Transcribe the records in their entirety, exactly as given.

(Saved entries)
------------------------------------------------------------------------

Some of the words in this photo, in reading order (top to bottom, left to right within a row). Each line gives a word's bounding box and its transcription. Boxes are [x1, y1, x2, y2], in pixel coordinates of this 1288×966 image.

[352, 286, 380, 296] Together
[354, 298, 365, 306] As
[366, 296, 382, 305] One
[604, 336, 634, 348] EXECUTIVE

------------------------------------------------------------------------

■ ANSWER AREA:
Some of the words in this photo, in reading order (top to bottom, left to right within a row). Each line gives a word's bounding box and its transcription. Boxes are [x1, y1, x2, y2], in pixel coordinates of this 1288×966 image.

[352, 286, 380, 296] Together
[354, 298, 365, 306] As
[366, 296, 382, 305] One
[604, 336, 634, 348] EXECUTIVE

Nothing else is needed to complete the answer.